# [Instructions to follow]
In the records below, print each line exactly and leave every image out.
╭─ Records for this exercise
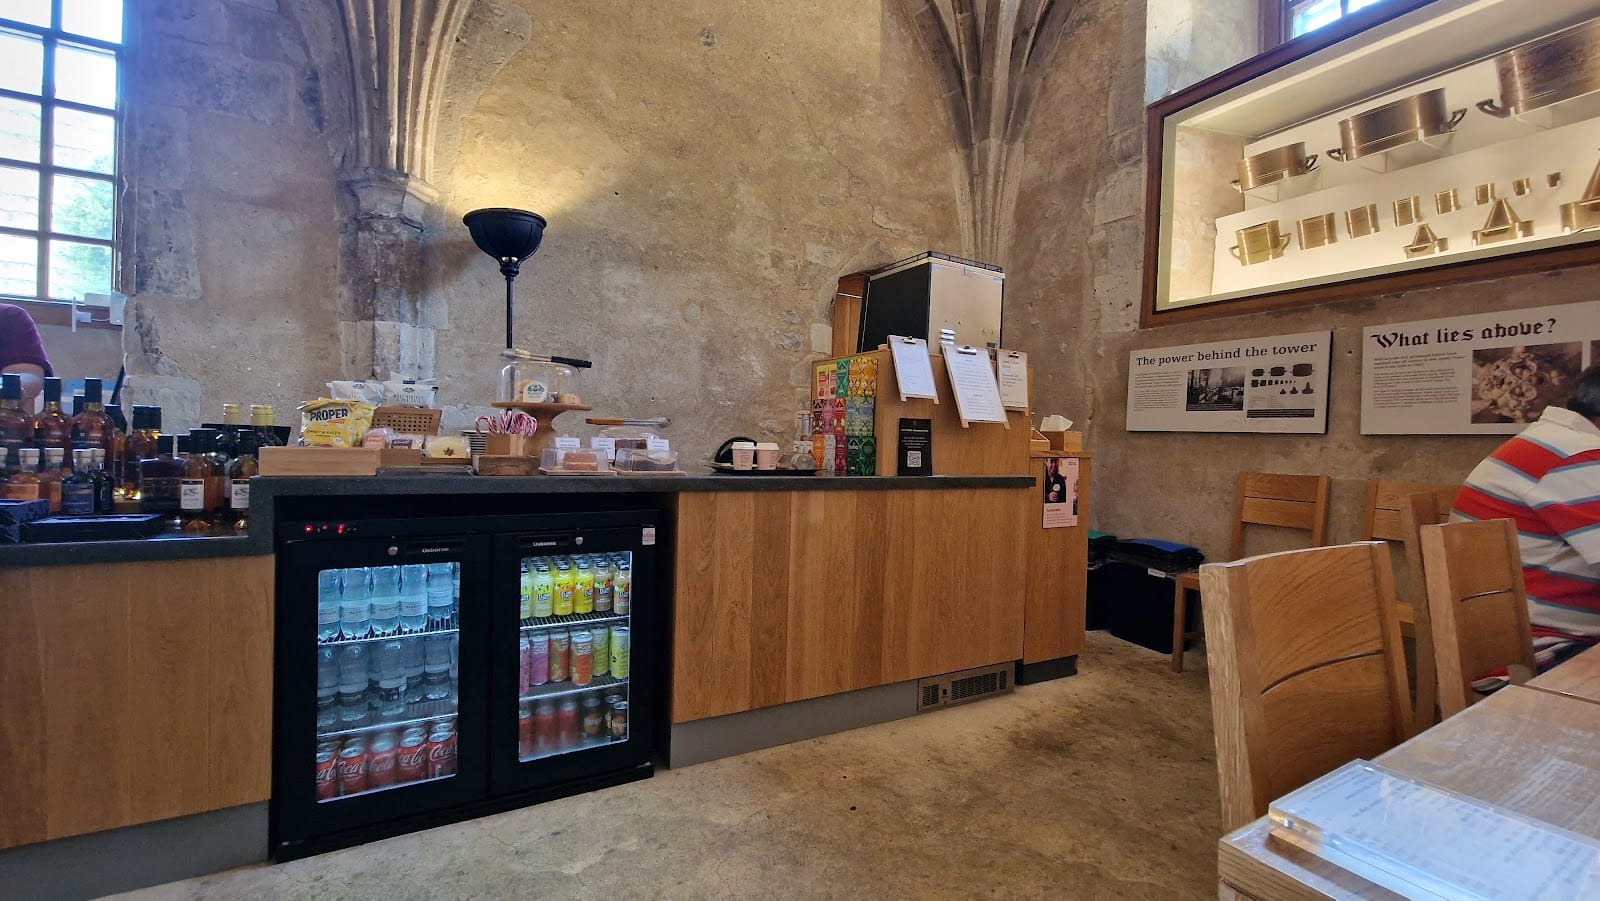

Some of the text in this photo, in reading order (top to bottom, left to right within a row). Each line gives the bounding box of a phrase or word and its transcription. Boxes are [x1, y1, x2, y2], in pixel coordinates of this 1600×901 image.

[1370, 318, 1556, 348] What lies above?
[1136, 342, 1317, 366] The power behind the tower
[310, 408, 348, 421] PROPER
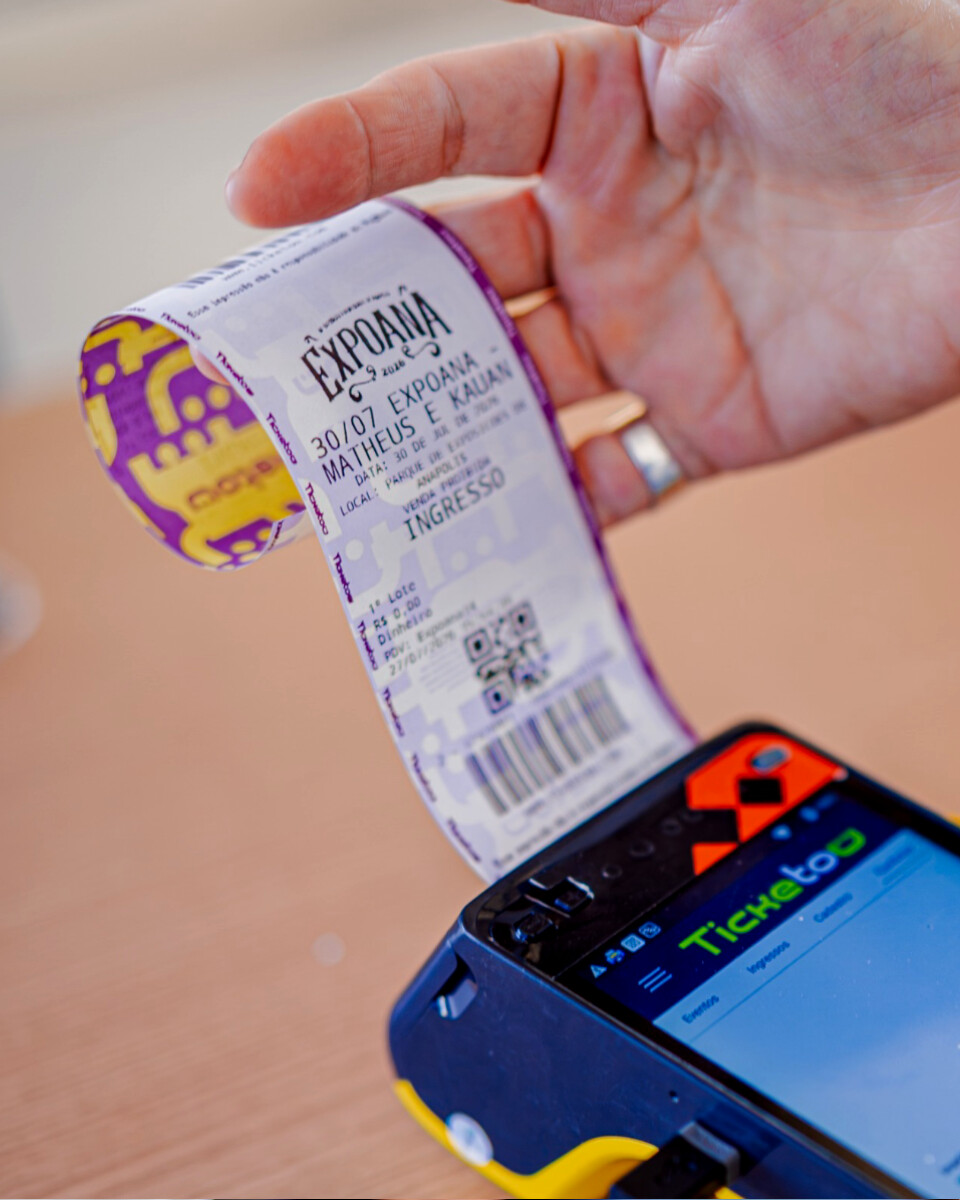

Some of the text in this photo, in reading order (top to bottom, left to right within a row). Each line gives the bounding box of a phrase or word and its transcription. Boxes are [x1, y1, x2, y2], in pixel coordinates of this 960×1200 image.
╰─
# [Task response]
Some of the text in this photo, in reading order (top to bottom, left to right within a row). Each line gives the bounding box of a phrase or word and its transcription. Boxes are [x1, y1, x2, y2], in pixel coordinates of this 1600×901 image.

[1370, 318, 1556, 348] What lies above?
[1136, 342, 1317, 366] The power behind the tower
[310, 408, 348, 421] PROPER

Some of the text in this photo, in reading order (top to bottom, left to right within a row). Each line gives the bounding box of a phrase or word and its transcription. Boxes are [x1, y1, x2, y2], in pixel coordinates of this 960×1200 image.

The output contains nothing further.